Does Medicare Cover Audiology Services?
Unpack Medicare's nuanced approach to audiology. Learn about covered diagnostic care, common exclusions, and beneficiary costs for hearing services.
Unpack Medicare's nuanced approach to audiology. Learn about covered diagnostic care, common exclusions, and beneficiary costs for hearing services.
Medicare, the federal health insurance program for individuals aged 65 or older and certain younger people with disabilities, often raises questions regarding its coverage of audiology services. Understanding what Medicare does and does not cover is important for beneficiaries seeking hearing care. The program’s design includes specific provisions for diagnostic services, while generally excluding routine care and devices like hearing aids, prompting many to consider their options for comprehensive coverage.
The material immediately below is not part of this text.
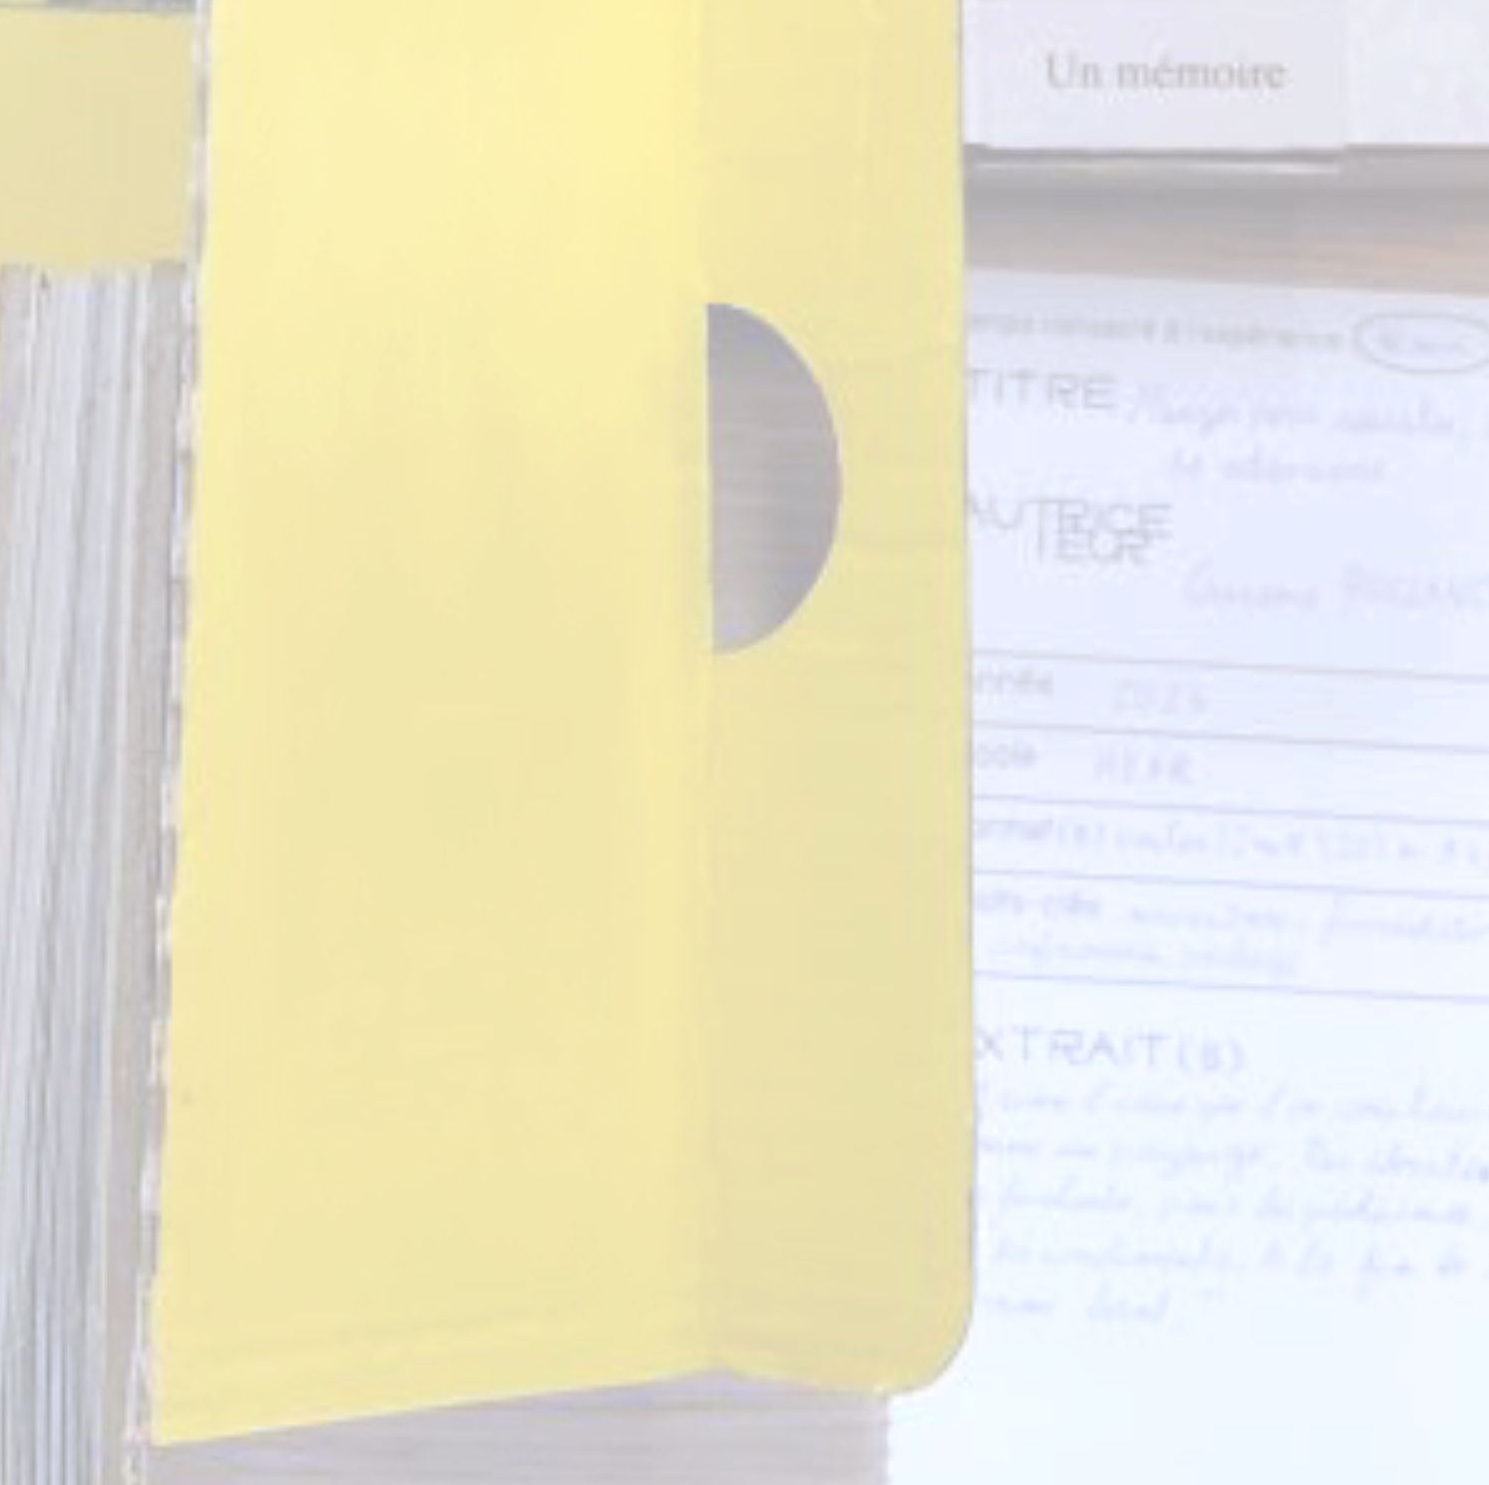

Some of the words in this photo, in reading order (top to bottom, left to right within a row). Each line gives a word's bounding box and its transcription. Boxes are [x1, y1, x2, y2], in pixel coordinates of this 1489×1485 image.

[1043, 51, 1104, 92] Un
[1113, 51, 1290, 92] mémoire
[964, 368, 1117, 410] TITRE
[976, 741, 1037, 769] cole
Medicare Part B (Medical Insurance) covers audiology services when they are considered medically necessary diagnostic tests. These services are typically covered when a doctor or other healthcare provider orders them to determine if medical treatment is needed for a suspected hearing or balance problem. For example, if a beneficiary experiences sudden hearing loss, tinnitus (ringing in the ears), or dizziness, Medicare Part B may cover diagnostic exams such as audiometry or tympanometry to identify the underlying cause.
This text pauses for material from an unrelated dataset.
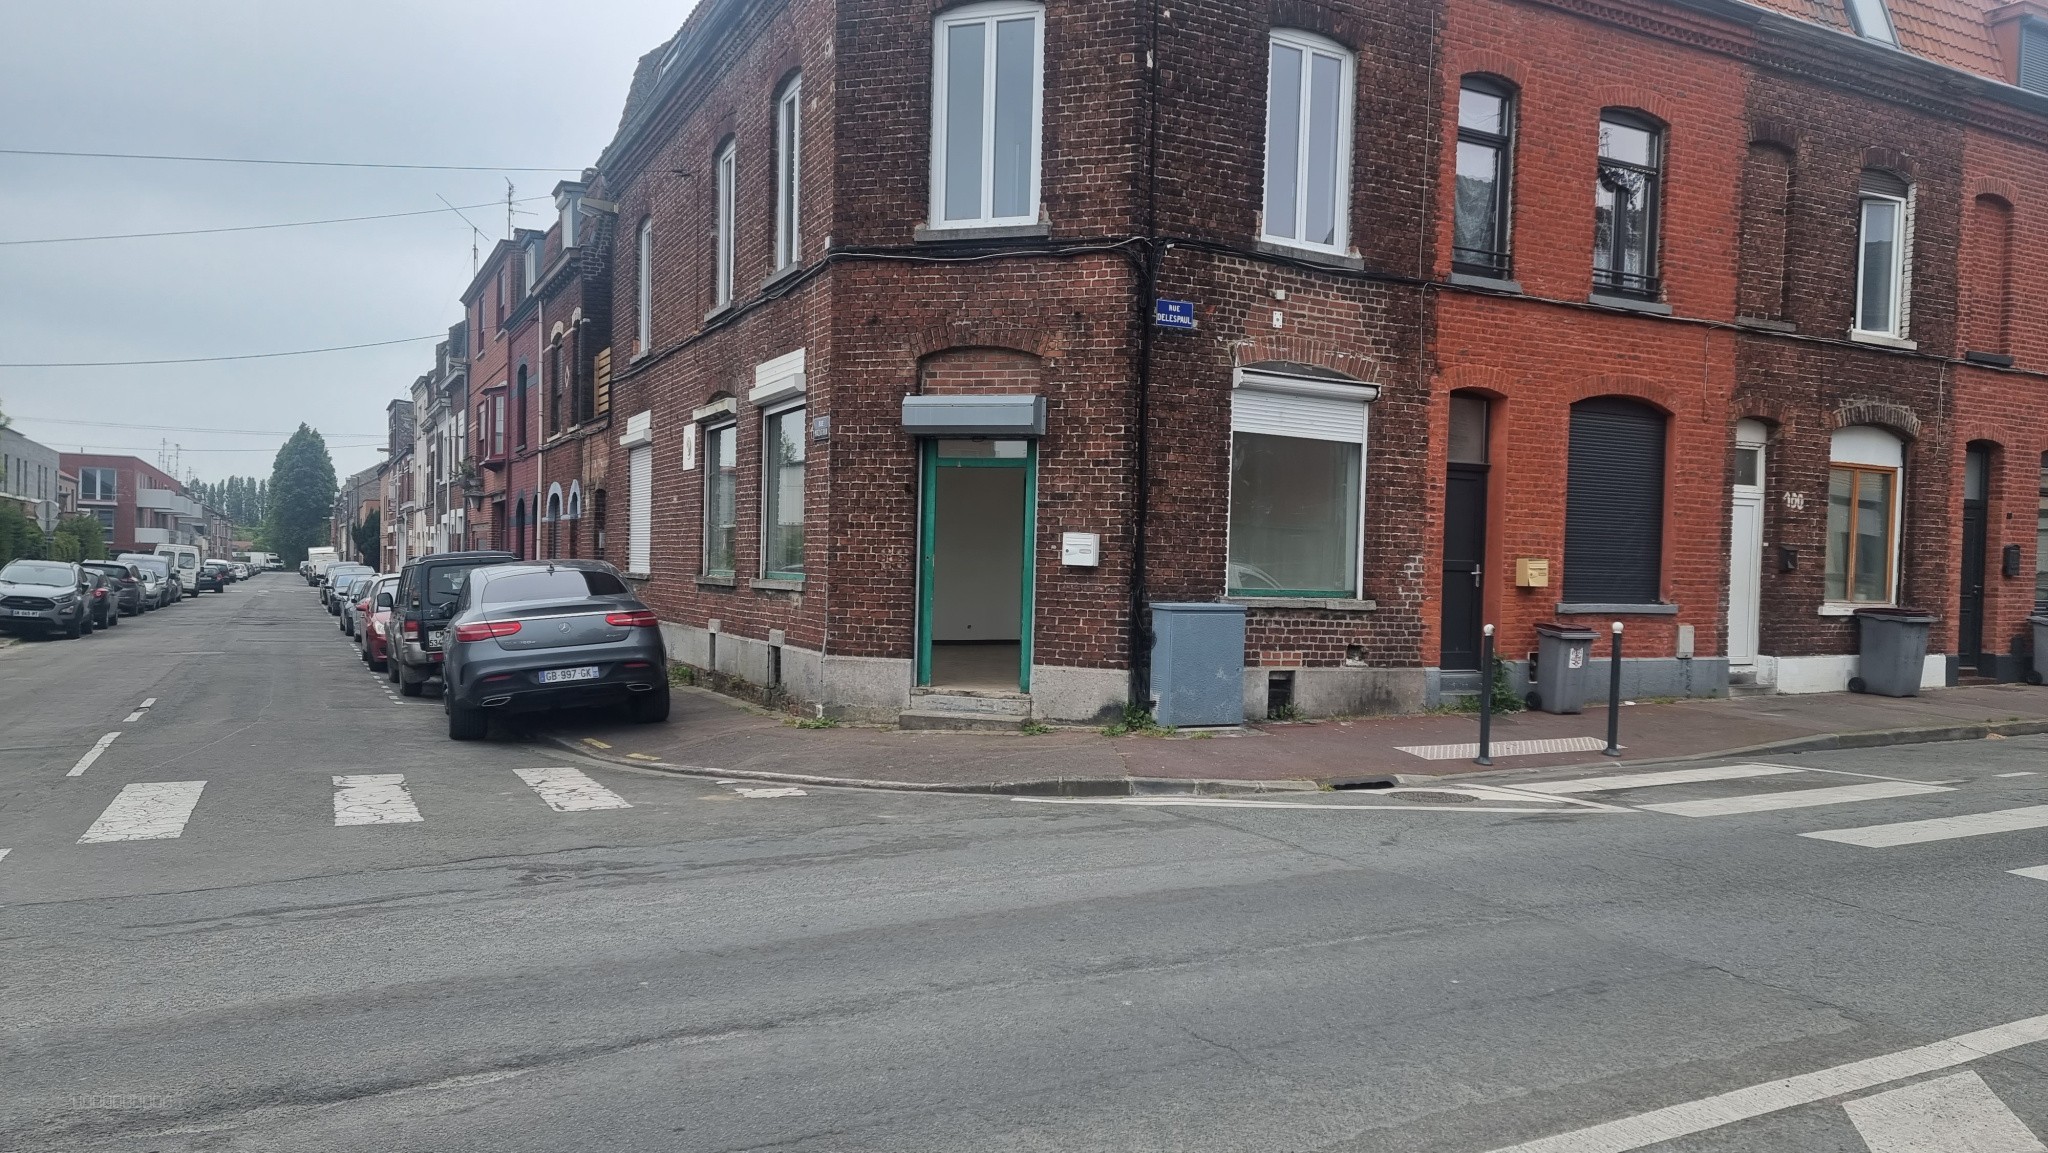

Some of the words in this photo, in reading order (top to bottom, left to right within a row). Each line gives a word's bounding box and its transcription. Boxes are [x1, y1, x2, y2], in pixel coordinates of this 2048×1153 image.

[1168, 304, 1181, 312] RUE
[1157, 313, 1192, 324] DELESPAUL
[1783, 491, 1804, 510] 100
These covered tests aid in the diagnosis and treatment of an illness or injury, not for routine screening or general health maintenance. Medicare defines audiology services as hearing and balance assessments furnished by a qualified audiologist, which would otherwise be covered if provided by a physician. These diagnostic services are paid under the Physician Fee Schedule or, if in a hospital outpatient setting, under the Outpatient Prospective Payment System.
While Medicare Part B covers medically necessary diagnostic audiology services, it generally does not cover routine hearing exams or the purchase, fitting, or repair of hearing aids. Beneficiaries are typically responsible for the full cost of these items and services. Routine exams and hearing aids are not considered medically necessary for the diagnosis or treatment of an illness or injury, but rather for enhancing quality of life.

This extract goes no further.